Go through the entries below and write each one out exactly.

---------- Task material

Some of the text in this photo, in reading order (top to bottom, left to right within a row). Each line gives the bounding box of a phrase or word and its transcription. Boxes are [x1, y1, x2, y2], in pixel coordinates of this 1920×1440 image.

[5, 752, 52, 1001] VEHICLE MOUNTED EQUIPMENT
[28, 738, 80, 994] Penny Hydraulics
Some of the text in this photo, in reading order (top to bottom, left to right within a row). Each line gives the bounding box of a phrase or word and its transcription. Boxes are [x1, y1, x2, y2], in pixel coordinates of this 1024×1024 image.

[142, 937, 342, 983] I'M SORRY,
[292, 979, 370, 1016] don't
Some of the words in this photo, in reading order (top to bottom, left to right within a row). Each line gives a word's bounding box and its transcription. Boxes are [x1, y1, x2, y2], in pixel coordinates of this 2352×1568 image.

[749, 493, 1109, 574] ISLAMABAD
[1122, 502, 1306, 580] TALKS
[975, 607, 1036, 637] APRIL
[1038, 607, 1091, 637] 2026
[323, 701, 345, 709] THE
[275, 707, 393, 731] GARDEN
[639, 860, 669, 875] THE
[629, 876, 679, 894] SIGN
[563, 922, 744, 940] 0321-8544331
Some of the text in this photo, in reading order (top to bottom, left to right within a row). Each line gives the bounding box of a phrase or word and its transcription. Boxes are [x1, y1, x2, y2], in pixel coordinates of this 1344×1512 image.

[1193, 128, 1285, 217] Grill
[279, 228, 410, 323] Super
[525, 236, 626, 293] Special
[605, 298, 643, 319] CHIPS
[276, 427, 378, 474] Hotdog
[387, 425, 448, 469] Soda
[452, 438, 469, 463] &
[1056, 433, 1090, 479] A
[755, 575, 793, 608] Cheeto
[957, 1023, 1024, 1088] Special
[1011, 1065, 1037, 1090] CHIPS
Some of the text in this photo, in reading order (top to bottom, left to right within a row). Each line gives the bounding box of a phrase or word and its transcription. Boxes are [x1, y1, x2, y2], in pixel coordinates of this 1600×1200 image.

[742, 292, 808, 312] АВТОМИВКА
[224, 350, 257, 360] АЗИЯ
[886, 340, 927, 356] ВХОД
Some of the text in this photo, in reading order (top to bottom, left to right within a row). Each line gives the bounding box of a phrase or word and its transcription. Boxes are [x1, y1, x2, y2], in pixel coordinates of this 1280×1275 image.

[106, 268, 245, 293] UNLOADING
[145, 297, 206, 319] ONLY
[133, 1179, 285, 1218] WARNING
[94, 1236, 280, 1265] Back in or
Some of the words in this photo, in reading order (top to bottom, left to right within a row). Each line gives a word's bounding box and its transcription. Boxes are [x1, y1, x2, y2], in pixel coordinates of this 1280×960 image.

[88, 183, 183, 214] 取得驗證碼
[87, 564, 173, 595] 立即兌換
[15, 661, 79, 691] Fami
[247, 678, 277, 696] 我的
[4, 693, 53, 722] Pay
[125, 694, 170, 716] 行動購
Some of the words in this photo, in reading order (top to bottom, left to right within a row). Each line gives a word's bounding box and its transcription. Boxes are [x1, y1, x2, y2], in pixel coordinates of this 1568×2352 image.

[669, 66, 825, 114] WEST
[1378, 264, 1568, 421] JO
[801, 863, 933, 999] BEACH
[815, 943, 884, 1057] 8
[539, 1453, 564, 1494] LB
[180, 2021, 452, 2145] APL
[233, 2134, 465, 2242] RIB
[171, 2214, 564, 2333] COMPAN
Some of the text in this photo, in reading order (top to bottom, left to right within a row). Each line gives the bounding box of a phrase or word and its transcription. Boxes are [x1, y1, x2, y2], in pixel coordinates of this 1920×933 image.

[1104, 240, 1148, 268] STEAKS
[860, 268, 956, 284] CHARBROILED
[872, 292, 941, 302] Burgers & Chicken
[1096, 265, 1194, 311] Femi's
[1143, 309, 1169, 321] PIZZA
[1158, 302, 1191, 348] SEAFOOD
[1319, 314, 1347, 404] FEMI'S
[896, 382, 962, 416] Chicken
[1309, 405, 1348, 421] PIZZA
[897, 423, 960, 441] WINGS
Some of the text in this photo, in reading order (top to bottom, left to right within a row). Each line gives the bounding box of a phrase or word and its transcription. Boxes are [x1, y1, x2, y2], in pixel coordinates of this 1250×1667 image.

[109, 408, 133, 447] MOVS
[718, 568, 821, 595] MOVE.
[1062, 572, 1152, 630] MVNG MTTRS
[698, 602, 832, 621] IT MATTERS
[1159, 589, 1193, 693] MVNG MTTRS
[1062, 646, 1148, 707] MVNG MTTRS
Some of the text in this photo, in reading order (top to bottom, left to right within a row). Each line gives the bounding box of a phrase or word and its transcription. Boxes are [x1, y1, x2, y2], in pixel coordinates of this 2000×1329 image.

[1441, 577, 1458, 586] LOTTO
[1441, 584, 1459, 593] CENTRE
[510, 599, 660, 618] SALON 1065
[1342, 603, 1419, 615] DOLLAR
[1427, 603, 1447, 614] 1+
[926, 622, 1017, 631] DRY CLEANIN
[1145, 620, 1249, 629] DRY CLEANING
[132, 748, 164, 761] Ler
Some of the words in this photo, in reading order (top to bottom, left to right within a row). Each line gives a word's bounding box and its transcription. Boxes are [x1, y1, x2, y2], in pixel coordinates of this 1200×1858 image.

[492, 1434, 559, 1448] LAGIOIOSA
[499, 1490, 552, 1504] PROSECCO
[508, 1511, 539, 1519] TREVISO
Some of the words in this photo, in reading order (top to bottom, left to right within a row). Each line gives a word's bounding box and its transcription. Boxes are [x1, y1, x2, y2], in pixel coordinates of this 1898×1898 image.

--------------------

_Task output_
Some of the text in this photo, in reading order (top to bottom, left to right within a row). Each line gives the bounding box of a phrase or word and its transcription. Boxes are [x1, y1, x2, y2], in pixel coordinates of this 1920×1440 image.

[5, 752, 52, 1001] VEHICLE MOUNTED EQUIPMENT
[28, 738, 80, 994] Penny Hydraulics
Some of the text in this photo, in reading order (top to bottom, left to right within a row). Each line gives the bounding box of a phrase or word and its transcription. Boxes are [x1, y1, x2, y2], in pixel coordinates of this 1024×1024 image.

[142, 937, 342, 983] I'M SORRY,
[292, 979, 370, 1016] don't
Some of the words in this photo, in reading order (top to bottom, left to right within a row). Each line gives a word's bounding box and its transcription. Boxes are [x1, y1, x2, y2], in pixel coordinates of this 2352×1568 image.

[749, 493, 1109, 574] ISLAMABAD
[1122, 502, 1306, 580] TALKS
[975, 607, 1036, 637] APRIL
[1038, 607, 1091, 637] 2026
[323, 701, 345, 709] THE
[275, 707, 393, 731] GARDEN
[639, 860, 669, 875] THE
[629, 876, 679, 894] SIGN
[563, 922, 744, 940] 0321-8544331
Some of the text in this photo, in reading order (top to bottom, left to right within a row). Each line gives the bounding box of a phrase or word and its transcription. Boxes are [x1, y1, x2, y2], in pixel coordinates of this 1344×1512 image.

[1193, 128, 1285, 217] Grill
[279, 228, 410, 323] Super
[525, 236, 626, 293] Special
[605, 298, 643, 319] CHIPS
[276, 427, 378, 474] Hotdog
[387, 425, 448, 469] Soda
[452, 438, 469, 463] &
[1056, 433, 1090, 479] A
[755, 575, 793, 608] Cheeto
[957, 1023, 1024, 1088] Special
[1011, 1065, 1037, 1090] CHIPS
Some of the text in this photo, in reading order (top to bottom, left to right within a row). Each line gives the bounding box of a phrase or word and its transcription. Boxes are [x1, y1, x2, y2], in pixel coordinates of this 1600×1200 image.

[742, 292, 808, 312] АВТОМИВКА
[224, 350, 257, 360] АЗИЯ
[886, 340, 927, 356] ВХОД
Some of the text in this photo, in reading order (top to bottom, left to right within a row). Each line gives the bounding box of a phrase or word and its transcription. Boxes are [x1, y1, x2, y2], in pixel coordinates of this 1280×1275 image.

[106, 268, 245, 293] UNLOADING
[145, 297, 206, 319] ONLY
[133, 1179, 285, 1218] WARNING
[94, 1236, 280, 1265] Back in or
Some of the words in this photo, in reading order (top to bottom, left to right within a row). Each line gives a word's bounding box and its transcription. Boxes are [x1, y1, x2, y2], in pixel coordinates of this 1280×960 image.

[88, 183, 183, 214] 取得驗證碼
[87, 564, 173, 595] 立即兌換
[15, 661, 79, 691] Fami
[247, 678, 277, 696] 我的
[4, 693, 53, 722] Pay
[125, 694, 170, 716] 行動購
Some of the words in this photo, in reading order (top to bottom, left to right within a row). Each line gives a word's bounding box and its transcription. Boxes are [x1, y1, x2, y2], in pixel coordinates of this 1568×2352 image.

[669, 66, 825, 114] WEST
[1378, 264, 1568, 421] JO
[801, 863, 933, 999] BEACH
[815, 943, 884, 1057] 8
[539, 1453, 564, 1494] LB
[180, 2021, 452, 2145] APL
[233, 2134, 465, 2242] RIB
[171, 2214, 564, 2333] COMPAN
Some of the text in this photo, in reading order (top to bottom, left to right within a row). Each line gives the bounding box of a phrase or word and its transcription. Boxes are [x1, y1, x2, y2], in pixel coordinates of this 1920×933 image.

[1104, 240, 1148, 268] STEAKS
[860, 268, 956, 284] CHARBROILED
[872, 292, 941, 302] Burgers & Chicken
[1096, 265, 1194, 311] Femi's
[1143, 309, 1169, 321] PIZZA
[1158, 302, 1191, 348] SEAFOOD
[1319, 314, 1347, 404] FEMI'S
[896, 382, 962, 416] Chicken
[1309, 405, 1348, 421] PIZZA
[897, 423, 960, 441] WINGS
Some of the text in this photo, in reading order (top to bottom, left to right within a row). Each line gives the bounding box of a phrase or word and its transcription. Boxes are [x1, y1, x2, y2], in pixel coordinates of this 1250×1667 image.

[109, 408, 133, 447] MOVS
[718, 568, 821, 595] MOVE.
[1062, 572, 1152, 630] MVNG MTTRS
[698, 602, 832, 621] IT MATTERS
[1159, 589, 1193, 693] MVNG MTTRS
[1062, 646, 1148, 707] MVNG MTTRS
Some of the text in this photo, in reading order (top to bottom, left to right within a row). Each line gives the bounding box of a phrase or word and its transcription. Boxes are [x1, y1, x2, y2], in pixel coordinates of this 2000×1329 image.

[1441, 577, 1458, 586] LOTTO
[1441, 584, 1459, 593] CENTRE
[510, 599, 660, 618] SALON 1065
[1342, 603, 1419, 615] DOLLAR
[1427, 603, 1447, 614] 1+
[926, 622, 1017, 631] DRY CLEANIN
[1145, 620, 1249, 629] DRY CLEANING
[132, 748, 164, 761] Ler
Some of the words in this photo, in reading order (top to bottom, left to right within a row). Each line gives a word's bounding box and its transcription. Boxes are [x1, y1, x2, y2], in pixel coordinates of this 1200×1858 image.

[492, 1434, 559, 1448] LAGIOIOSA
[499, 1490, 552, 1504] PROSECCO
[508, 1511, 539, 1519] TREVISO
Some of the words in this photo, in reading order (top to bottom, left to right within a row). Each line gives a word's bounding box and its transcription. Boxes are [x1, y1, x2, y2], in pixel coordinates of this 1898×1898 image.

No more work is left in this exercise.